WRITTEN BY Mark Love
When we purchase goods, from food to clothes to cars, we often forget that our transaction represents one small final step at the end of a long and complex supply chain. Effective supply chain management is a crucial and demanding commercial exercise. Yet, the supply chains of today have evolved far beyond their relatively static and linear character of several decades ago, and new approaches are needed.
This is where Blockchain comes in. We explained the basics of Blockchain in an earlier article. Although the applications of Blockchain are numerous, there are few as compelling as its use in supply chain management. It isn’t purely a matter of theory either; global powerhouses such as BHP Billiton, Walmart, Maersk and IBM have all made moves to utilise Blockchain in their own supply chains.
Whichever way you look at it, supply chains are evolving are much more dynamic than they once were. Supply chains are now constituted in much more expansive and complex networks, comprising multiple parties dealing with particular variants, components or stages of a product.
Despite the great pace of change the core frameworks underlying supply chains have not necessarily been adapting. Businesses have been relying on the same technologies for years, some of which are becoming outdated and ill-suited.
Blockchain technology presents a unique opportunity for businesses to rethink the way they manage their dealings with suppliers and manufacturers. The potential applications of Blockchain in this regard are virtually boundless, but the key uses essentially revolve around tracing products throughout their lifecycle.
Blockchain can be used to keep real-time and essentially ‘gapless’ records of a product’s movements, tracking its unique identifier through every assembly, modification, process, transit, and transfer. By ensuring an instantaneous and immutable record is created every time a product changes hands-all of which is recorded in the one place-the scope for the errors, costs and delays associated with intermediaries radically diminishes. Not only does this have commercial benefits for the parties involved, it can lend itself to other functions, such as verifying product certifications (e.g. fair trade, organic).

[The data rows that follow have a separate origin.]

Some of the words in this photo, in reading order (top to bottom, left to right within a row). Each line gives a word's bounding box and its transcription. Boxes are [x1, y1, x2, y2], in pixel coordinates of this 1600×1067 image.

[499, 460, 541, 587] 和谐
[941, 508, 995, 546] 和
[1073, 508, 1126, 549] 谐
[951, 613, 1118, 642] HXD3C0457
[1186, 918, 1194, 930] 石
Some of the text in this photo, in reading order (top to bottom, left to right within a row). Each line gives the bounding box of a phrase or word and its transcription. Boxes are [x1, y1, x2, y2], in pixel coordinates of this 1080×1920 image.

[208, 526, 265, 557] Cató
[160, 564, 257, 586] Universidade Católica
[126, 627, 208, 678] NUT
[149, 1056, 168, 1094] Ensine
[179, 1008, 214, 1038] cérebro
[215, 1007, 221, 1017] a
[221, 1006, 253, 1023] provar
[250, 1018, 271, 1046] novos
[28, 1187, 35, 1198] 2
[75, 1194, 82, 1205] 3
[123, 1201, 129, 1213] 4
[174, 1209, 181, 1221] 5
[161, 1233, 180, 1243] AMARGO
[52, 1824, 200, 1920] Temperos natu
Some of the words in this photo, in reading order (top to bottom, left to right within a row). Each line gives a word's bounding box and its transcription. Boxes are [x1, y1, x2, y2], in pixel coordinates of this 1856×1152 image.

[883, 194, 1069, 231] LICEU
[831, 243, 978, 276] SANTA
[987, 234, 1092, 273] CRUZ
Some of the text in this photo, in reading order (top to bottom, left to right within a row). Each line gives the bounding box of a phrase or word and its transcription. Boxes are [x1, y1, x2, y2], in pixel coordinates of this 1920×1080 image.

The benefits of using Blockchain in this way are inherent in the technology itself. Reliance by all parties on a common, tamper-proof and real-time record of a product’s lifecycle not only eases administrative burden and reduces the need for audits, it promotes transparency. The requirement for ‘consensus’ between the different parties in the distributed network means that every transaction is validated, so disputes should arise less often. Consumers will be able to have confidence in the provenance of the products they buy.
In theory, Blockchain is an ideal solution to the changing needs of supply chains. However, it is not quite that simple-Blockchain is, after all, still an emerging technology. Though the potential benefits are enormous, there are some key challenges that must be considered.
Implementing a new technological framework underpinning large and complex supply chains will require time and money, not only in terms of system overhauls, but in terms of retraining staff, hiring new personnel, developing outsourcing relationships, and so on. Exactly what the costs will be isn’t yet clear, as we don’t have a many examples of relevant scale. Given the recent uptake by larger organisations it will certainly be a space to keep an eye on.